GyrB in silico mining in 27 151 global gonococcal genomes from 1928–2021 combined with zoliflodacin in vitro testing of 71 international gonococcal isolates with different GyrB, ParC and ParE substitutions confirms high susceptibility

Abstract

Abstract Objectives Antimicrobial resistance (AMR) in Neisseria gonorrhoeae is a global threat and novel treatment alternatives are imperative. Herein, susceptibility to the novel antimicrobial zoliflodacin, currently in a global Phase 3 randomized controlled clinical trial for gonorrhoea treatment, was investigated by screening for zoliflodacin GyrB target mutations in publicly available gonococcal genomes and, where feasible, determination of the associated zoliflodacin MIC. Methods The European Nucleotide Archive was queried using the search term ‘Taxon: 485’. DNA sequences from 27 151 gonococcal isolates were analysed and gyrB, gyrA, parC and parE alleles characterized. Results GyrB amino acid alterations were rare (97.0% of isolates had a wild-type GyrB sequence). GyrB V470L (2.7% of isolates) was the most prevalent alteration, followed by S467N (0.12%), N. meningitidis GyrB (0.092%), V470I (0.059%), Q468R/P (0.015%), A466T (0.0074%), L425I + L465I (0.0037%), L465I (0.0037%), G482S (0.0037%) and D429V (0.0037%).

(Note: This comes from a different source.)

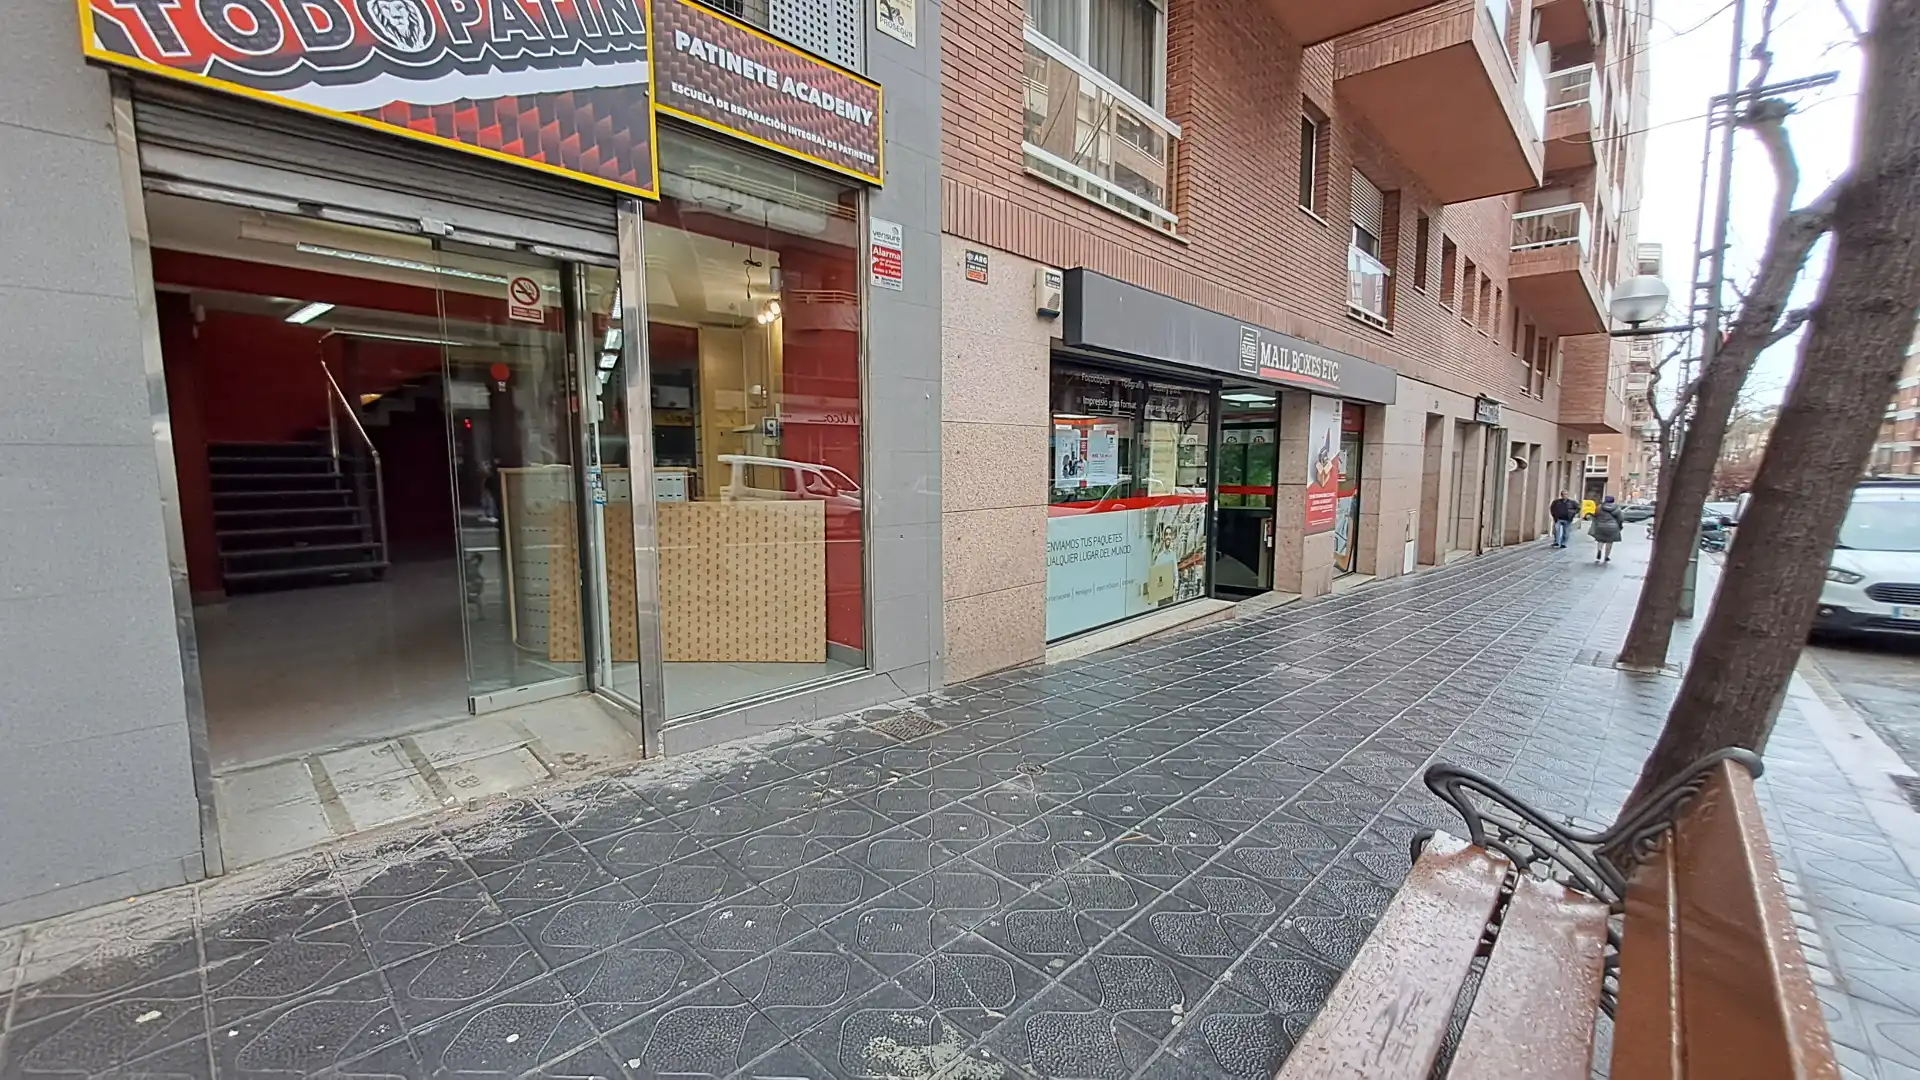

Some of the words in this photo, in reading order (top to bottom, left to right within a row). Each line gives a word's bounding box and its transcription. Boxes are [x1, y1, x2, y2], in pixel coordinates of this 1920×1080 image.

Only one isolate (0.0037%) carried a substitution in a resistance-associated GyrB codon (D429V), resulting in a zoliflodacin MIC of 8 mg/L. None of the other detected gyrB, gyrA, parC or parE mutations caused a zoliflodacin MIC outside the wild-type MIC distribution. Conclusions The zoliflodacin target GyrB was highly conserved among 27 151 global gonococcal isolates cultured in 1928–2021. The single zoliflodacin-resistant clinical isolate (0.0037%) was cultured from a male patient in Japan in 2000. Evidently, this strain has not clonally expanded nor has the gyrB zoliflodacin-resistance mutation disseminated through horizontal gene transfer to other strains. Phenotypic and genomic surveillance, including gyrB mutations, of zoliflodacin susceptibility are imperative.